Il raconte qu’environ 10 à 20 minutes après que Tania a été emmenée, des agents sont ressortis et ont affirmé qu’Ayla devait également se soumettre à la prise d’empreintes digitales.
«Elle n’est jamais ressortie», a-t-il dit à propos de sa belle-fille.
Il ne sait pas exactement pourquoi les deux femmes ont été placées en détention, mais il pense que cela a un rapport avec un problème que les agents ont constaté concernant les papiers de Tania et son numéro d’EAD (Employment Authorization Document ou permis de travail).
«C’est inquiétant, c’est vraiment frustrant, surtout quand elles ont des papiers en règle, mais que le système ne les reconnaît pas comme valides. Le système n’indiquait même pas qu’elles avaient des papiers», a-t-il précisé, bien qu’il ne sache pas exactement quel était le problème.
Il explique qu’on lui a dit que le centre local devait envoyer leurs empreintes digitales à Washington, D.C., pour validation, mais que Washington a ensuite décidé que le duo ne pouvait pas partir.
«Pas un endroit pour une enfant»
La mère et sa fille sont détenues au Rio Grande Valley Central Processing Center à McAllen, au Texas. Communément appelé Ursula, en raison de son adresse sur Ursula Avenue, ce centre a été critiqué sous la première administration Trump pour avoir hébergé des enfants dans des enclos grillagés ressemblant à des cages. Il a rouvert en 2022 après des travaux de rénovation qui ont notamment consisté à retirer les grillages.
«Ce n’est pas un endroit pour une fillette de 7 ans», a lancé Edward Warner.
«Ils utilisent des couvertures de survie pour se couvrir. Elle doit utiliser le tapis de sol pour se couvrir correctement et rester au chaud. La nourriture est horrible… c’est surpeuplé, très bruyant, et elles sont tout simplement très stressées en ce moment», a-t-il rapporté en ajoutant qu’ils n’ont pu passer que deux brefs appels téléphoniques par jour.

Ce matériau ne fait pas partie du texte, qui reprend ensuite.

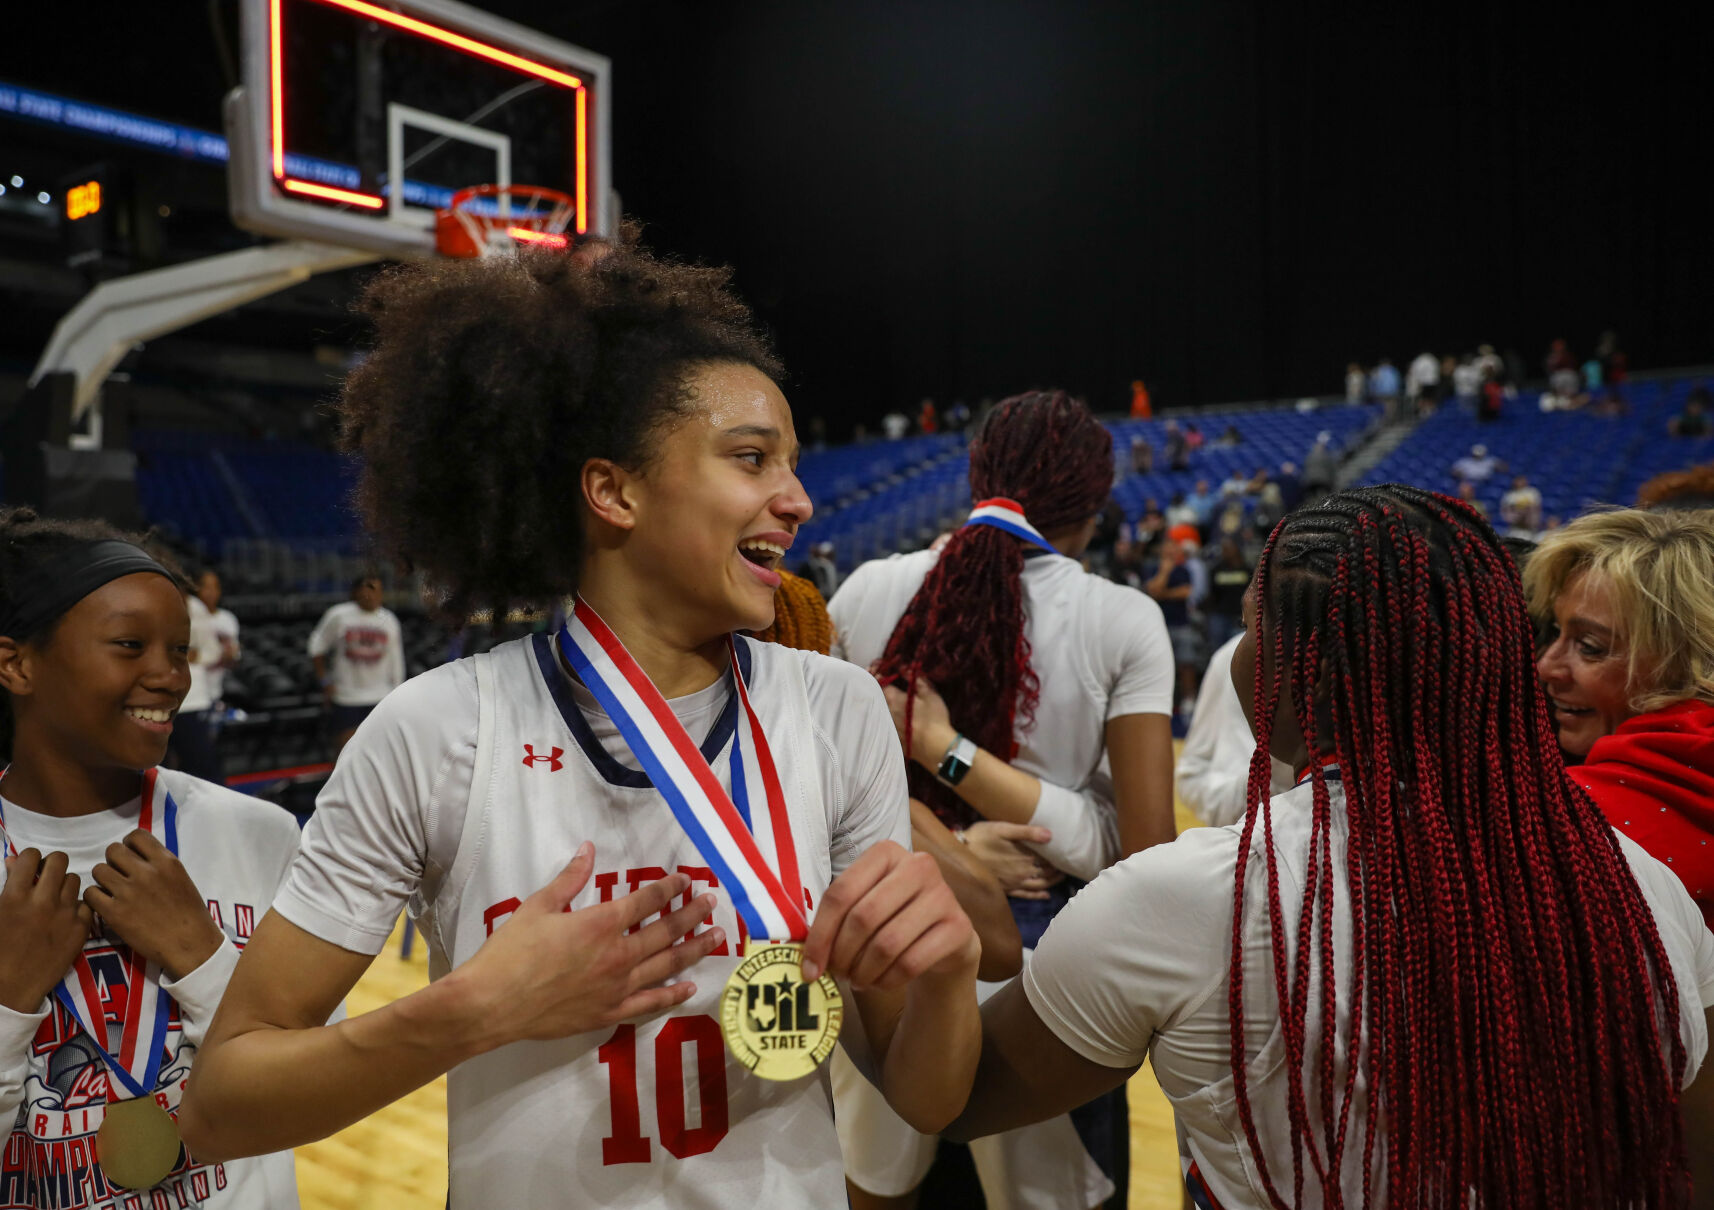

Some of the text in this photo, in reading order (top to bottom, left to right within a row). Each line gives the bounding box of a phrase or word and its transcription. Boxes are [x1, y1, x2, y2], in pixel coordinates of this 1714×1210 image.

[747, 983, 819, 1032] UIL
[760, 1034, 806, 1050] STATE
[34, 1079, 188, 1137] RAIR
[63, 1063, 107, 1110] La
[598, 1014, 728, 1166] 10

Il qualifie toute cette situation d’«horrible».

CTV News a contacté à la fois l’Immigration and Customs Enforcement (ICE) et le Department of Homeland Security (DHS). Le gouvernement a pris acte de la demande mais n’a répondu à aucune question avant la date limite.
La mère de Tania, Heather Fleck, s’est entretenue par téléphone avec CTV News depuis Naramata, en Colombie-Britannique. Elle trouve «choquant» que l’ICE place une enfant de 7 ans en détention.
«Elle est autiste», a souligné Mme Fleck à propos de sa petite-fille, Ayla. «Cela va être dévastateur.»
Mme Fleck affirme que sa fille est une «bonne personne» qui n’a jamais eu de démêlés avec la justice.
«Elle est adorable. Elle veut juste être chez elle avec son mari, élever son enfant et être heureuse», a-t-elle dit.
Mme Fleck ajoute qu’elle se sent loin, frustrée et «impuissante».
«C’est assez stressant, à cause des récits qui nous parviennent des États-Unis concernant la situation avec l’ICE», a-t-elle soutenu. «Ce n’est pas beau à voir. Je ne souhaiterais à personne d’avoir à vivre cela.»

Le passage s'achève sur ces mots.